▶ [EXERCISE DESCRIPTION]: Please set down word for word every line from the one holding "Some of the words" to the end of the data below, both included.

▶ [EXERCISE MATERIAL]:
+ + + + + + +

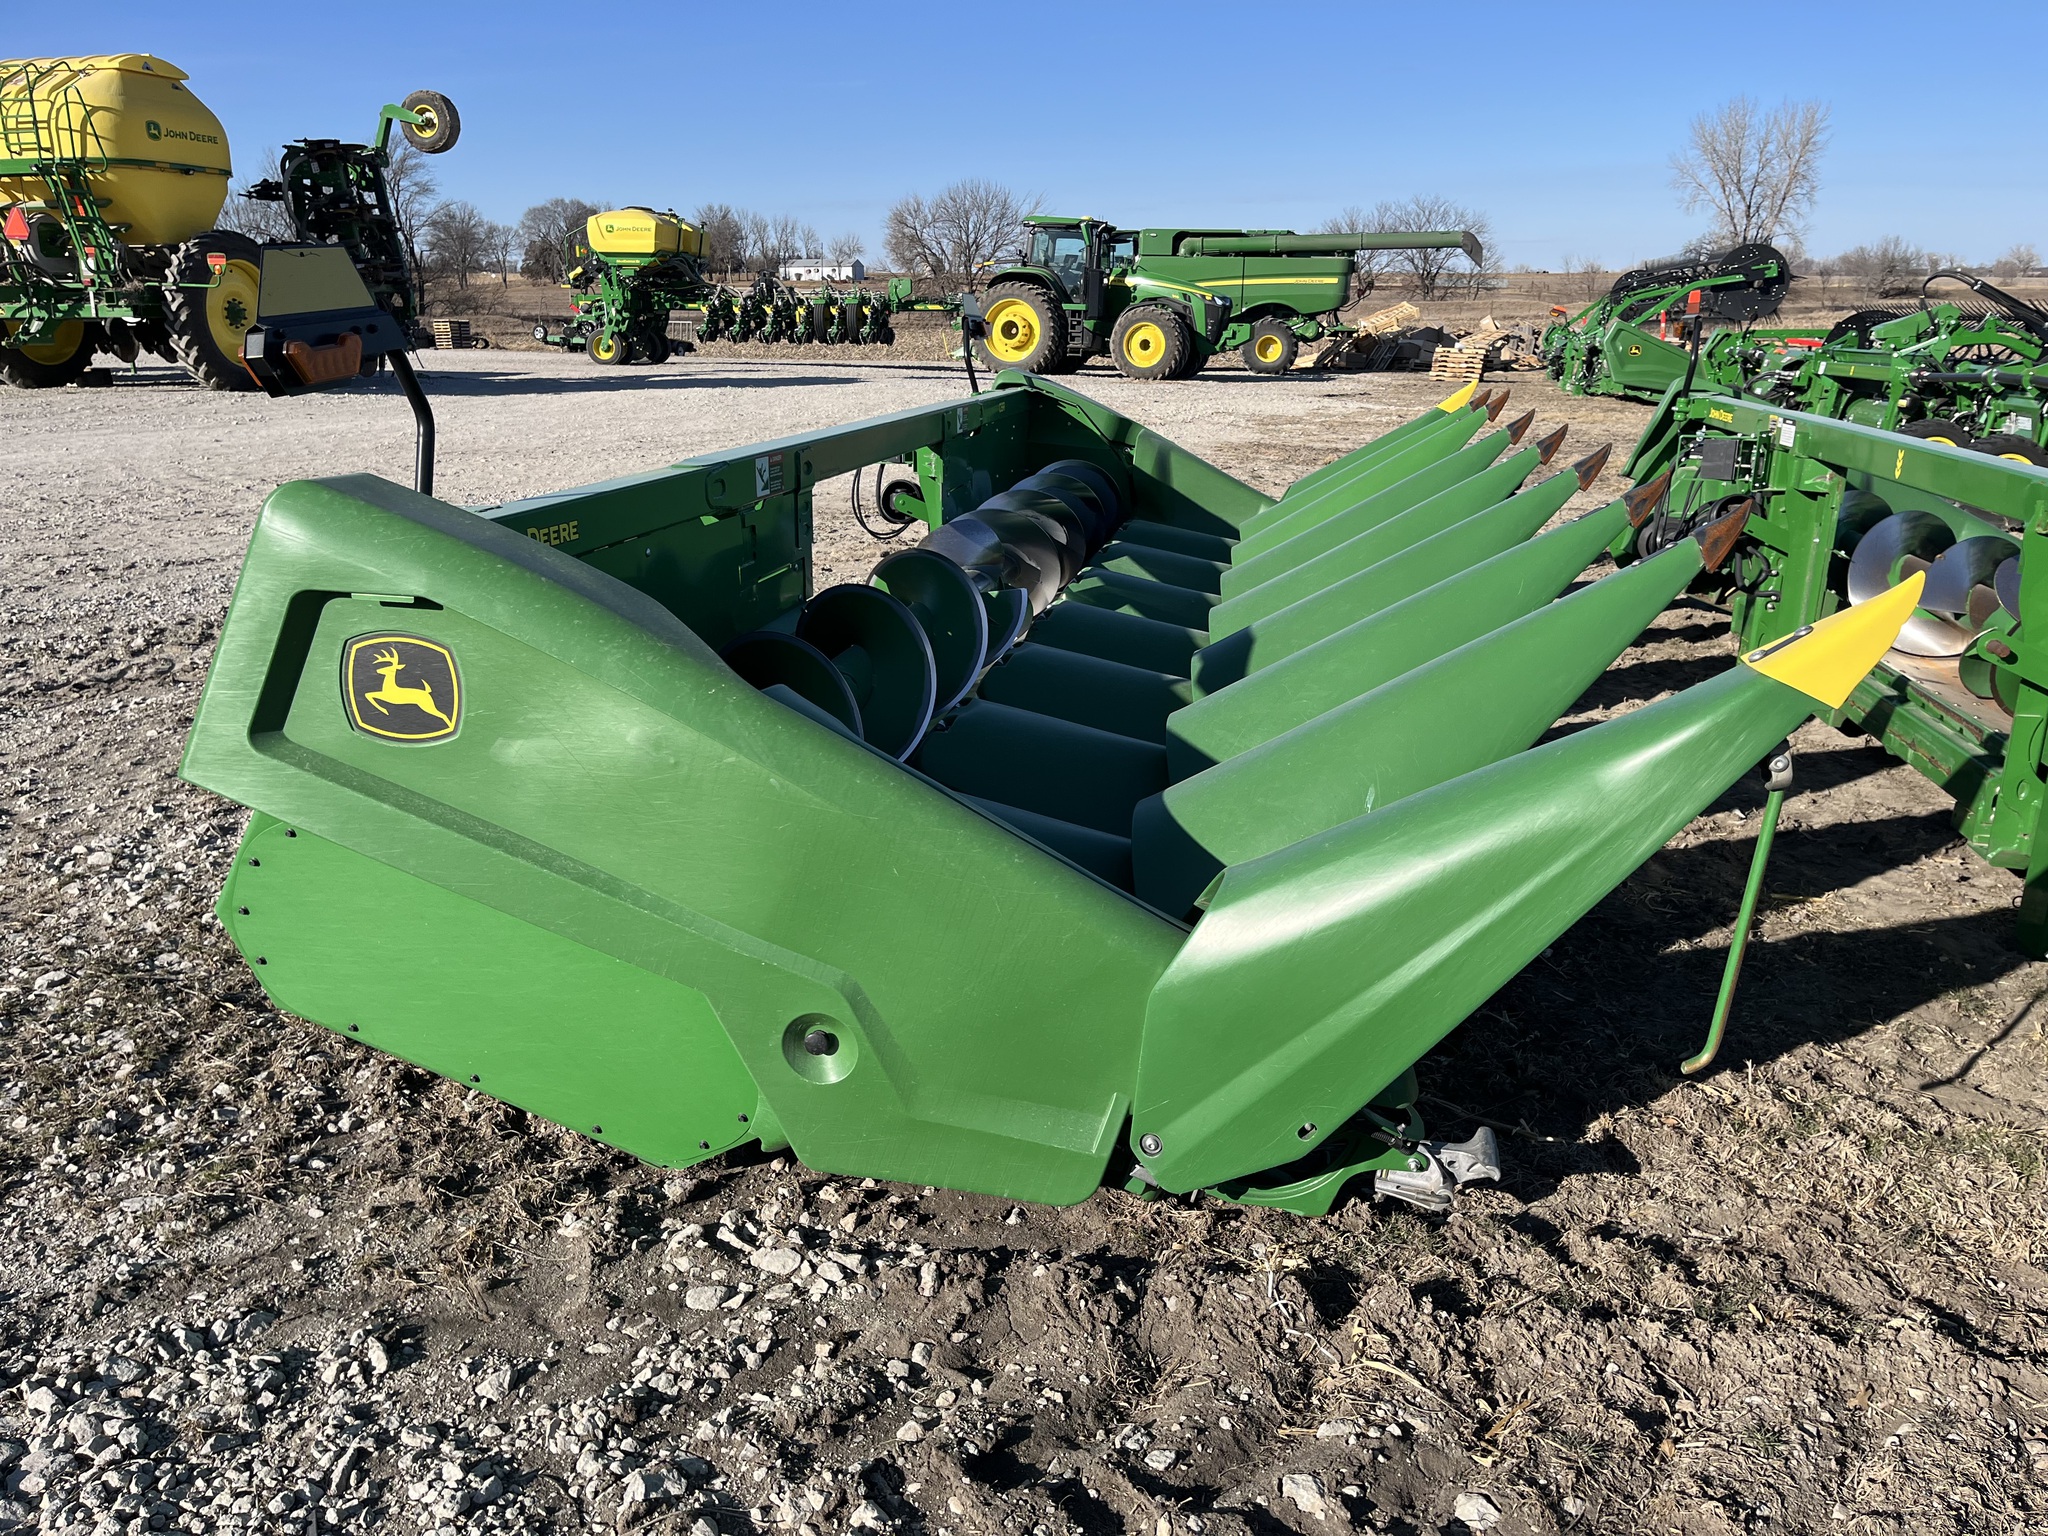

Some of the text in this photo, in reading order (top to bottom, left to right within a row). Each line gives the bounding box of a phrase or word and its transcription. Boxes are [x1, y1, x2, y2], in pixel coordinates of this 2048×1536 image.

[164, 128, 219, 144] JOHN DEERE
[1708, 407, 1733, 423] JOHN DEERE
[526, 520, 579, 546] DEERE
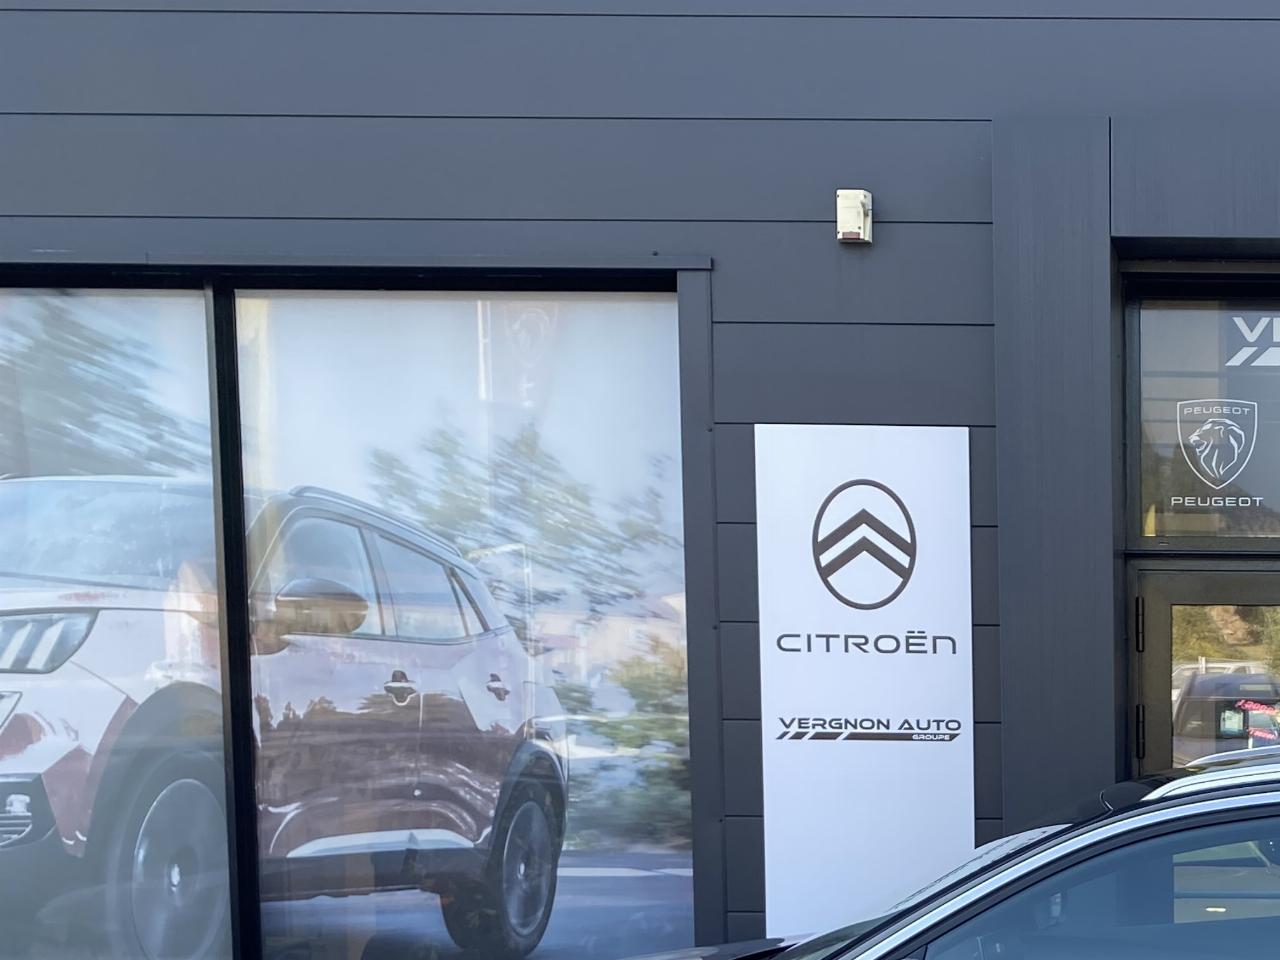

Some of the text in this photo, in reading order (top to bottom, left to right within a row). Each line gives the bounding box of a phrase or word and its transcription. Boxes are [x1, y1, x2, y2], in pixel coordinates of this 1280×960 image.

[1183, 406, 1251, 416] PEUGEOT
[1170, 496, 1264, 507] PEUGEOT
[778, 717, 962, 732] VERGNON AUTO
[912, 733, 951, 741] GROUPE
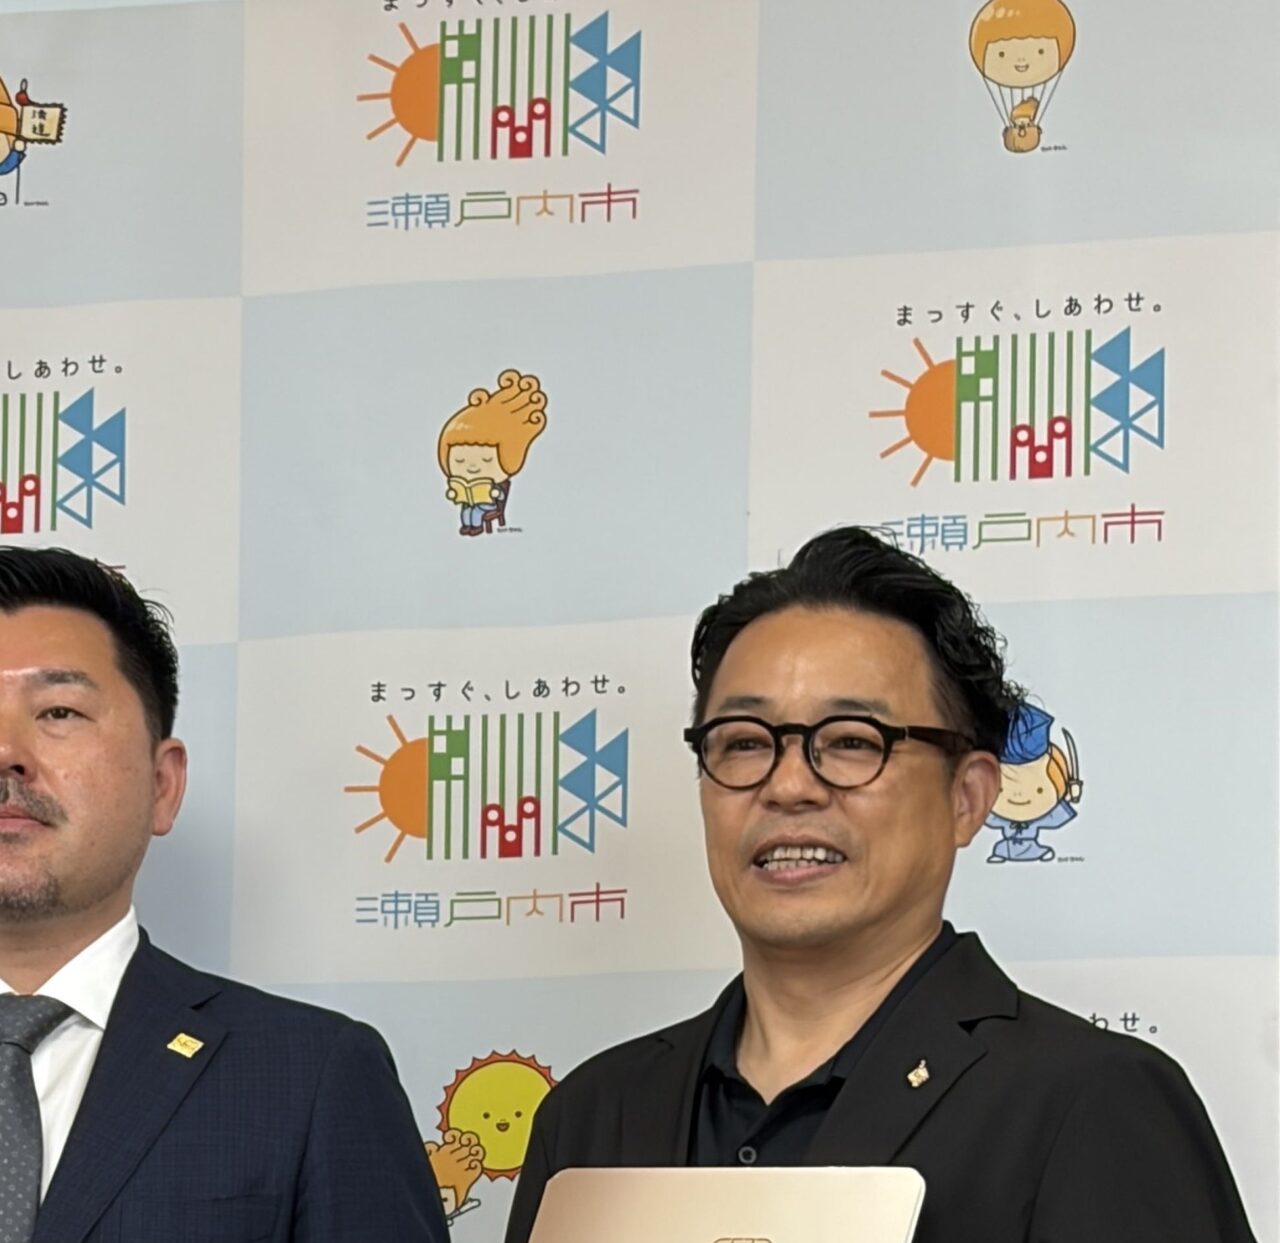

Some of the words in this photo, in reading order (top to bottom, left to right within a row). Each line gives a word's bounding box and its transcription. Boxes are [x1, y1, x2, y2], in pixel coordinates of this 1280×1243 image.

[367, 182, 640, 231] 瀬戸内市
[896, 291, 1162, 326] まっすぐ、しあわせ。
[881, 503, 1166, 554] 瀬戸内市
[371, 674, 626, 702] まっすぐ、しあわせ。
[356, 882, 628, 929] 瀬戸内市

+ + + + + + +

▶ [ANSWER SPACE]:
Some of the words in this photo, in reading order (top to bottom, left to right within a row). Each line gives a word's bounding box and its transcription. Boxes are [x1, y1, x2, y2], in pixel coordinates of this 1280×1243 image.

[367, 182, 640, 231] 瀬戸内市
[896, 291, 1162, 326] まっすぐ、しあわせ。
[881, 503, 1166, 554] 瀬戸内市
[371, 674, 626, 702] まっすぐ、しあわせ。
[356, 882, 628, 929] 瀬戸内市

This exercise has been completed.